Случайно ли, что Пушкин ни разу не изобразил в своих произведениях верной, преданной, самоотверженной дружбы (если не считать лирических обращений к лицейским товарищам), а так часто и настойчиво возвращался к теме соперничества, коварства и предательства в отношениях друзей?

Вспомним Ленского и Онегина, Моцарта и Сальери, Гринева и Швабрина...

Вспомним, например, такие строки из романа в стихах:

Я только в скобках замечаю,

Что нет презренной клеветы,

На чердаке вралем рожденной

И светской чернью ободренной,

Что нет нелепицы такой,

Ни эпиграммы площадной,

Которой бы ваш друг с улыбкой,

В кругу порядочных людей,

Без всякой злобы и затей,

Не повторил стократ ошибкой;

А впрочем, он за вас горой,

Он вас так любит... как родной!

Шли годы, круг друзей, добрых приятелей, единомышленников поэта становился все уже и уже. "Иных уж нет, а те далече..." К моменту трагической развязки своей жизни поэт оказался почти в полном одиночестве. Пущин и Кюхельбекер - в ссылке, Пестель и Рылеев - повешены, Дельвиг умер, Нащокин и Чаадаев - в Москве, Соболевский - за границей, с Вяземским и Жуковским отношения в последние месяцы жизни поэта как-то охладились. Одно утешение: во встречах и беседах на исторические и литературные темы с А. И. Тургеневым, с В. Ф. Одоевским, хлопоты с изданием "Современника".

Душу излить было некому.

Вяземский нашел в себе мужество написать после смерти поэта знаменательные строки: "Пушкин не был понят при жизни не только равнодушными к нему людьми, но и его друзьями. Признаюсь и прошу в том прощения у его памяти"25.

"Я УДАРИЛ ОБ НАКОВАЛЬНЮ РУССКОГО ЯЗЫКА...)

...И тяжким, пламенным недугом

Была полна моя глава:

В ней грезы нудные рождались;

В размеры стройные стекались

Мои послушные слова

И звонкой рифмой замыкались.

В гармонии соперник мой

Был шум лесов, иль вихорь буйный,

Иль иволги напев живой,

Иль ночью моря гул глухой,

Иль шепот речки тихоструйной.

(А. ПУШКИН. "РАЗГОВОР КНИГОПРОДАВЦА С ПОЭТОМ", 1824 г.)

Биографов Пушкина всегда поражает, как рано возмужал его гений.
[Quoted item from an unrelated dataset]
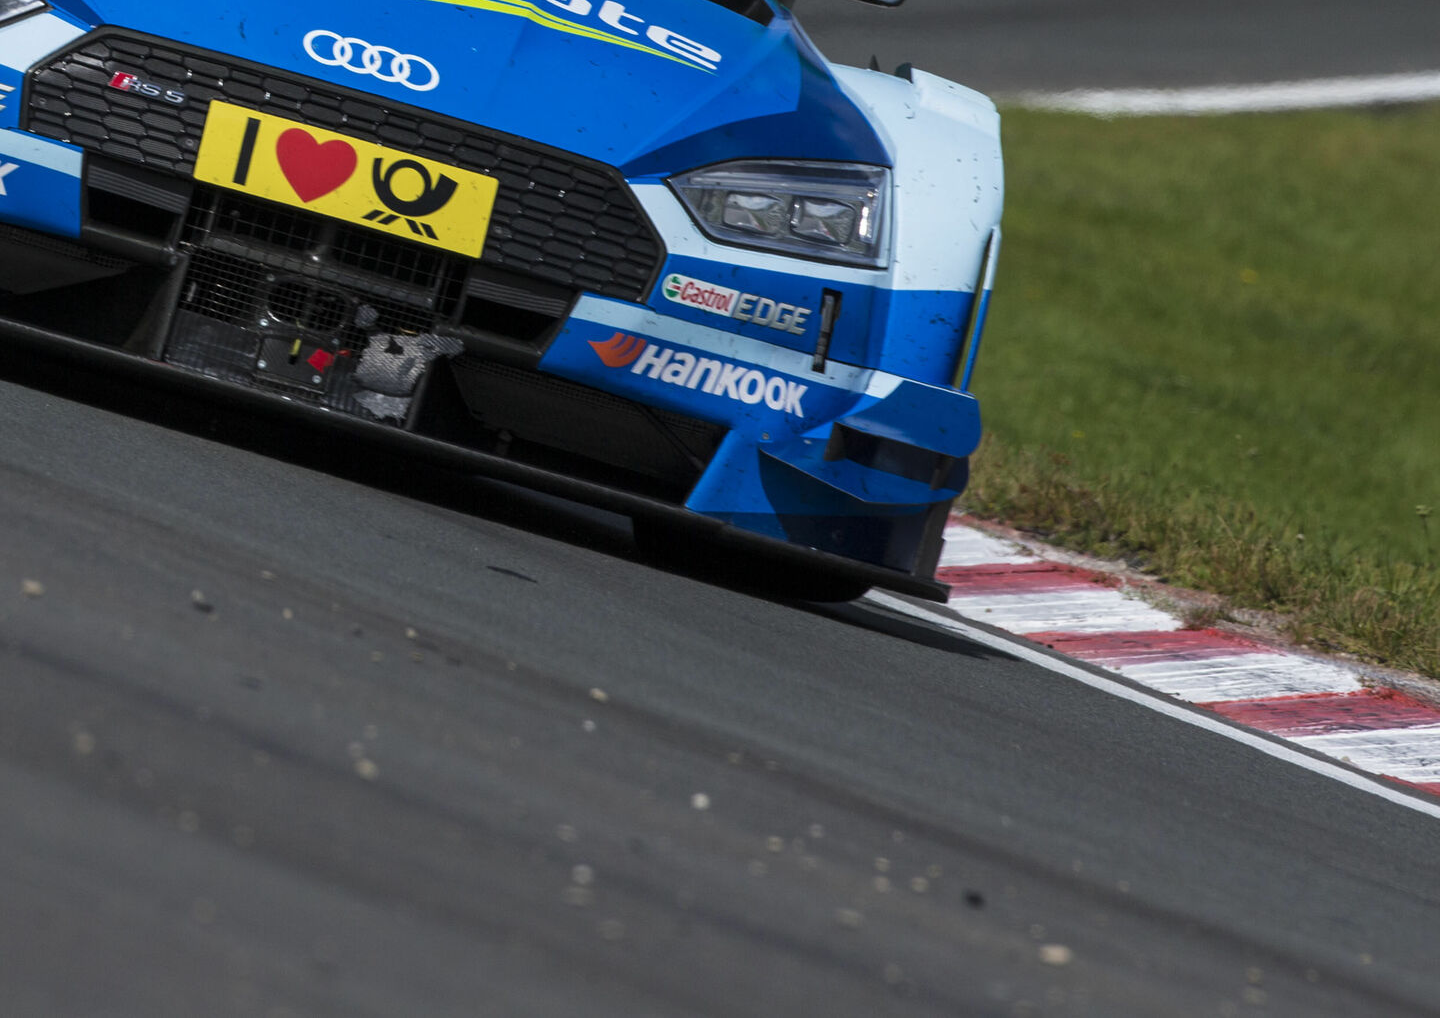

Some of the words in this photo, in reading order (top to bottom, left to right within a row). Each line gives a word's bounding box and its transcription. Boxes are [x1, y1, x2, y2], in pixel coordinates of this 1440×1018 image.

[232, 117, 262, 186] I
[680, 281, 735, 314] Castrol
[732, 292, 812, 336] EDGE
Создается впечатление, будто Пушкин просто родился поэтом, что он сразу, как Афина, античная богиня мудрости, явился миру во всем блеске своего поэтического вооружения. Известный советский писатель и литературовед Юрий Тынянов писал даже, что "у Пушкина не было ученичества в том смысле, как оно было, например, у Лермонтова"26.

Это, конечно, преувеличение. Период ученичества у Пушкина, разумеется, был, только он необычайно сильно сжат во времени. Он начался еще в раннем детстве: ведь Пушкин, по свидетельству его брата Льва, уже на восьмом году жизни "сочинял на французском языке маленькие комедии и эпиграммы на своих учителей"4. Он продолжался и в первые лицейские годы, в стихах того времени звучит подражание и Державину, и Батюшкову, и дяде Василию Львовичу. Но вместе с тем все сильнее пробиваются уже и собственно пушкинские интонации.

Само по себе столь раннее пробуждение призвания у великих поэтов скорее не исключение, а правило. Да и в Лицее с самого первого курса чуть ли не все увлечены поэзией, чуть ли не все пишут стихи.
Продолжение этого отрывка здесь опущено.